* _INPUT FOR THIS TASK_:
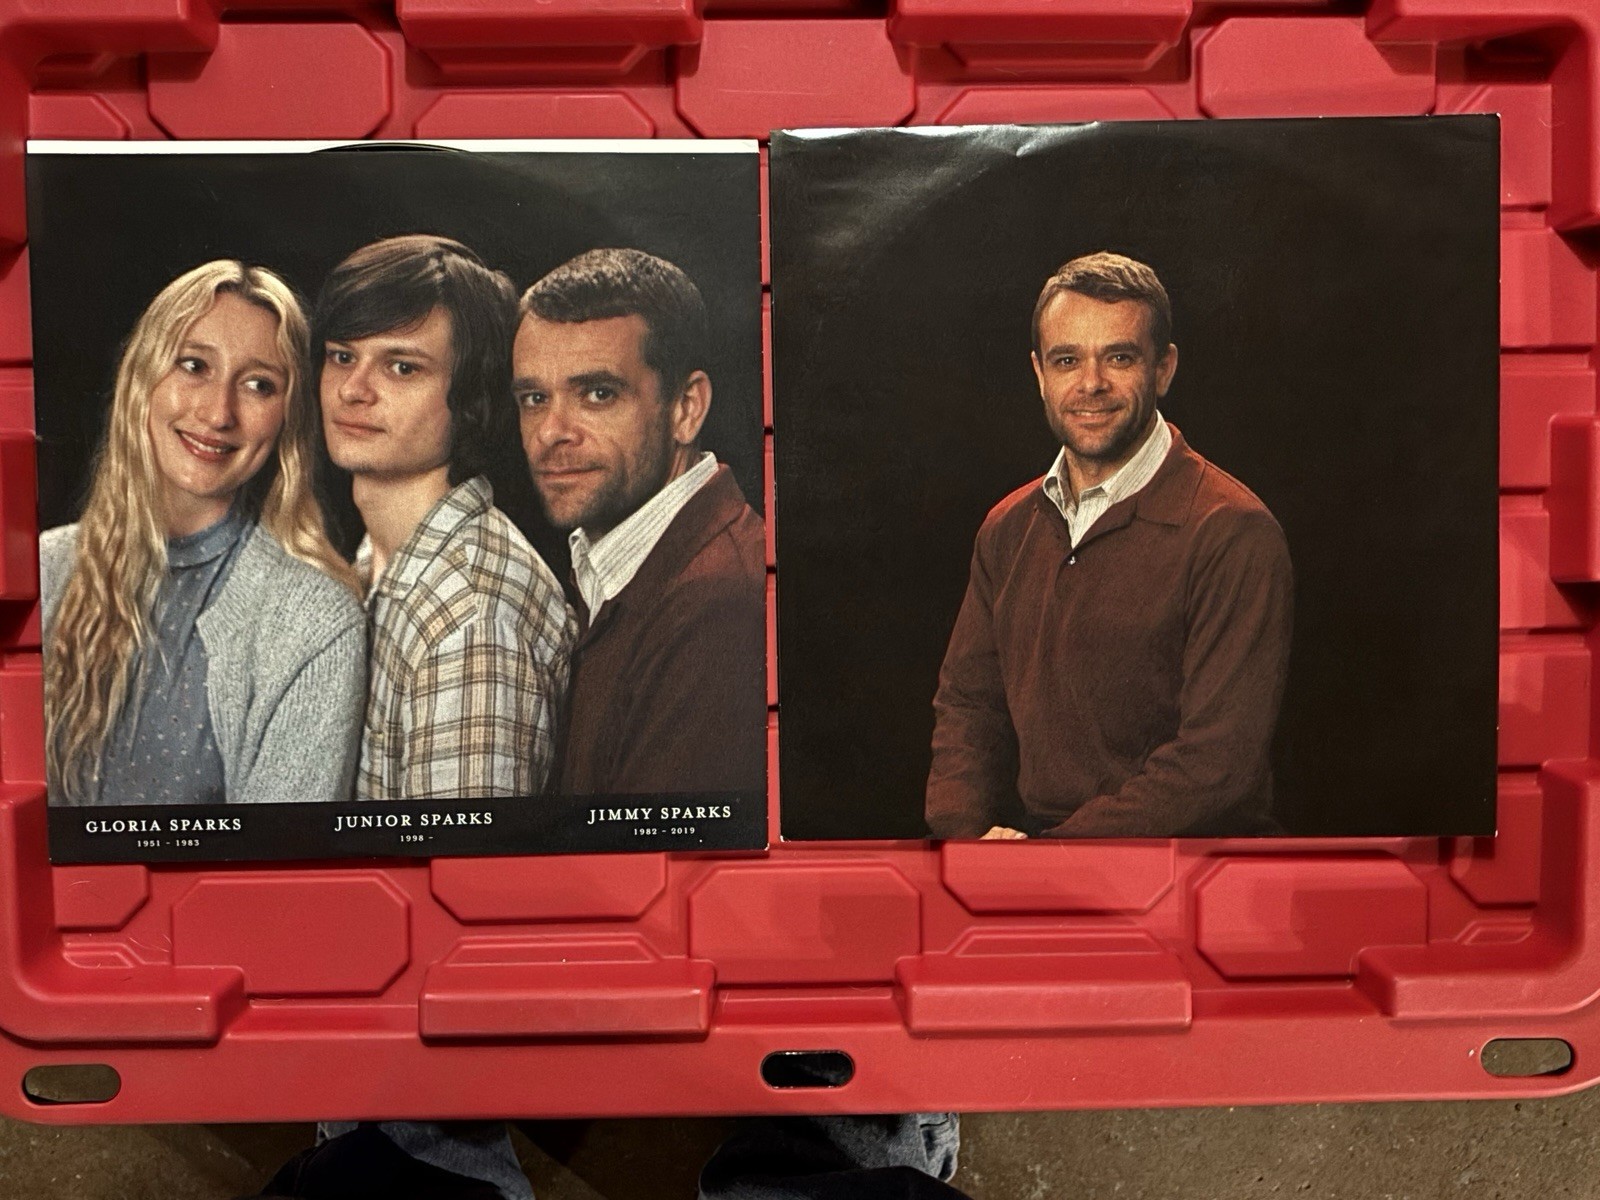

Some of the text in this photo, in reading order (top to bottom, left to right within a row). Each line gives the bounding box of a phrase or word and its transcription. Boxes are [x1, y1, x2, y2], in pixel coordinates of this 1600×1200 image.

[588, 806, 731, 824] JIMMY SPARKS
[86, 819, 241, 832] GLORIA SPARKS
[335, 812, 492, 831] JUNIOR SPARKS
[633, 827, 658, 836] 1982
[670, 826, 696, 835] 2019
[137, 839, 161, 848] 1951
[175, 839, 200, 847] 1983
[400, 834, 424, 843] 1998
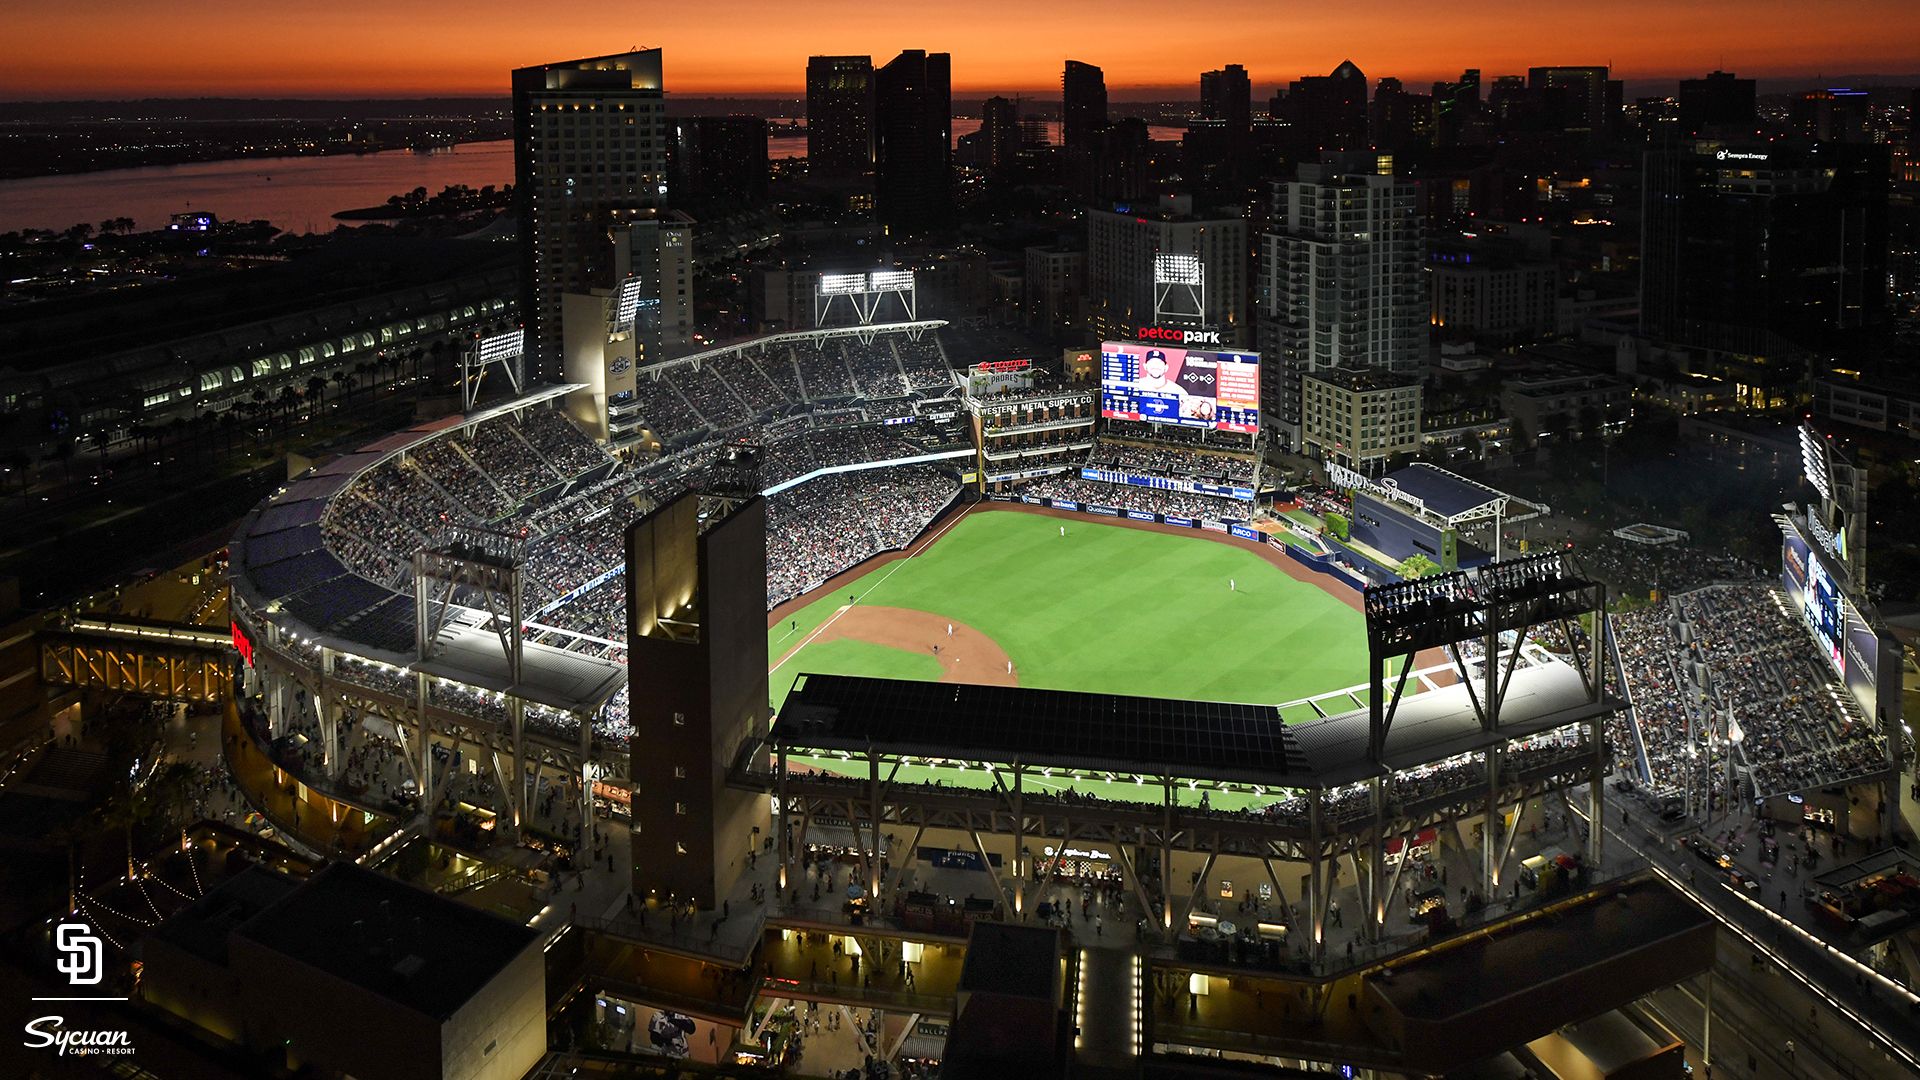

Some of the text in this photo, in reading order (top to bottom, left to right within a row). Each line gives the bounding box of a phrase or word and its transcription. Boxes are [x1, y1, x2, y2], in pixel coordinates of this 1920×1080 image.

[1749, 152, 1768, 160] Energy
[993, 359, 1028, 368] TOYOTA
[991, 373, 1018, 385] PADRES
[981, 396, 1094, 415] WESTERN METAL SUPPLY CO.
[1087, 505, 1118, 515] Qualcomm
[1128, 510, 1154, 521] GEICO
[1232, 528, 1251, 538] ARCO
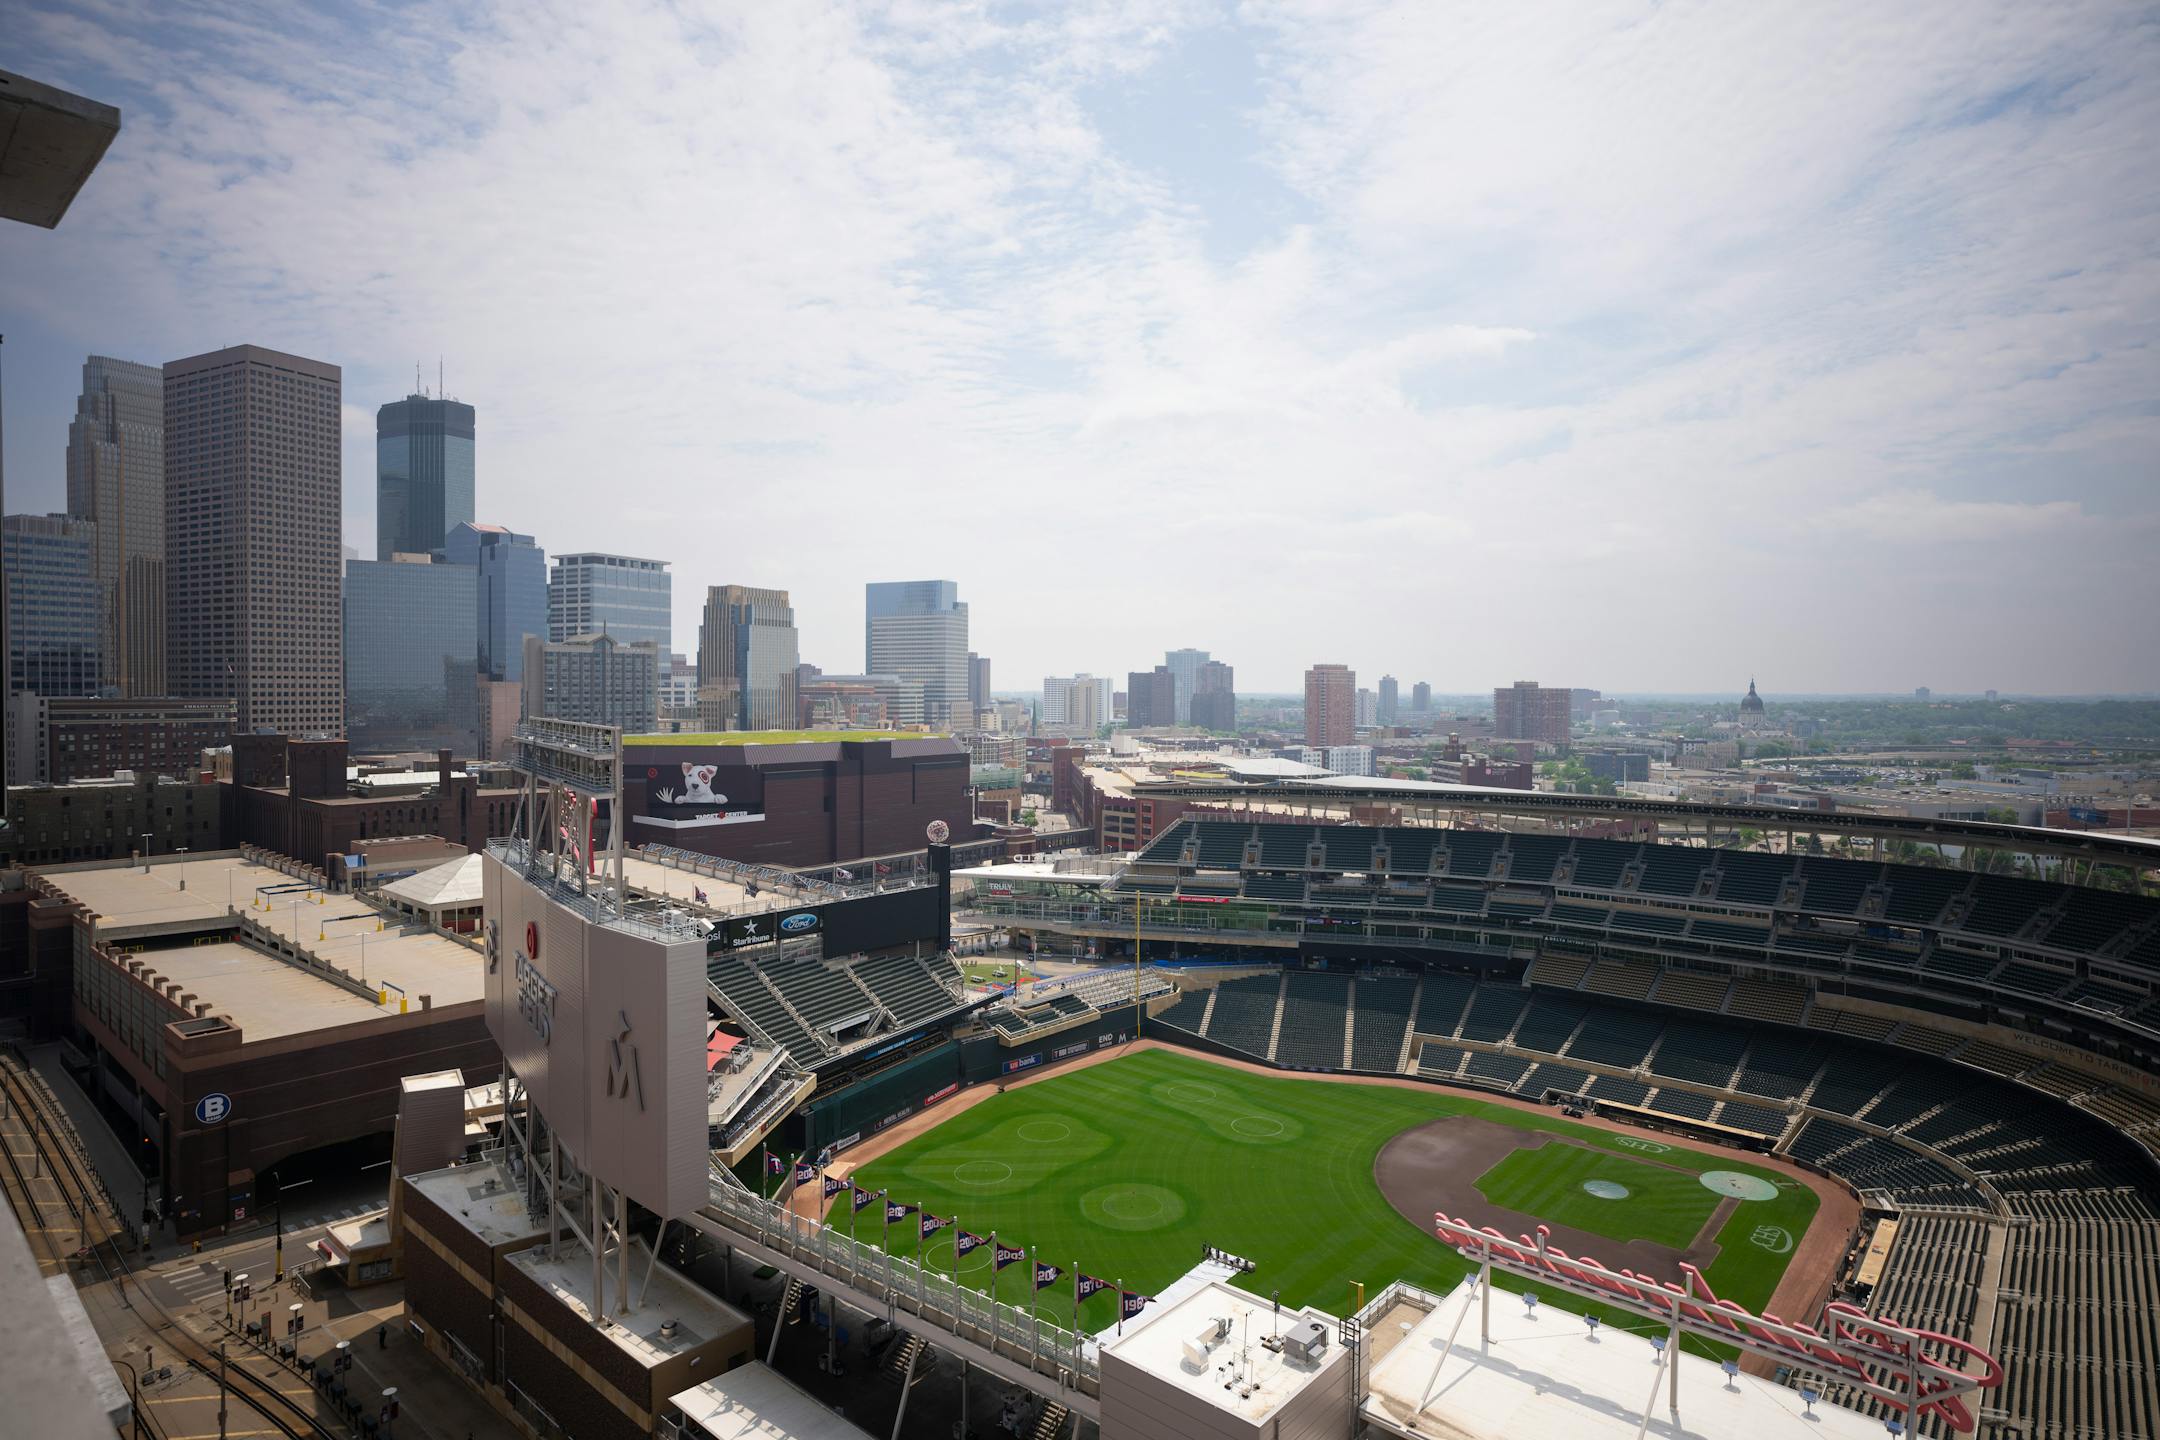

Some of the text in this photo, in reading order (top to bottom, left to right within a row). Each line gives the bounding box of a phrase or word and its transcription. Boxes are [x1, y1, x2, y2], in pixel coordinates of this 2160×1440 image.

[2013, 1032, 2075, 1057] WELCOME
[2079, 1053, 2094, 1063] TO
[205, 1097, 224, 1117] B

* _PROBLEM STATEMENT_:
Each line from the one containing "this 1920×1080 image." through the last line of the listing is to be given again exactly, with no pictures and no other lines.

* _ANSWER BOX_:
Some of the text in this photo, in reading order (top to bottom, left to right within a row). Each line gives the bounding box of a phrase or word and its transcription. Boxes are [x1, y1, x2, y2], in pixel coordinates of this 1920×1080 image.

[1749, 152, 1768, 160] Energy
[993, 359, 1028, 368] TOYOTA
[991, 373, 1018, 385] PADRES
[981, 396, 1094, 415] WESTERN METAL SUPPLY CO.
[1087, 505, 1118, 515] Qualcomm
[1128, 510, 1154, 521] GEICO
[1232, 528, 1251, 538] ARCO

Some of the text in this photo, in reading order (top to bottom, left to right within a row). Each line gives the bounding box of a phrase or word and its transcription. Boxes are [x1, y1, x2, y2], in pixel coordinates of this 2160×1440 image.

[2013, 1032, 2075, 1057] WELCOME
[2079, 1053, 2094, 1063] TO
[205, 1097, 224, 1117] B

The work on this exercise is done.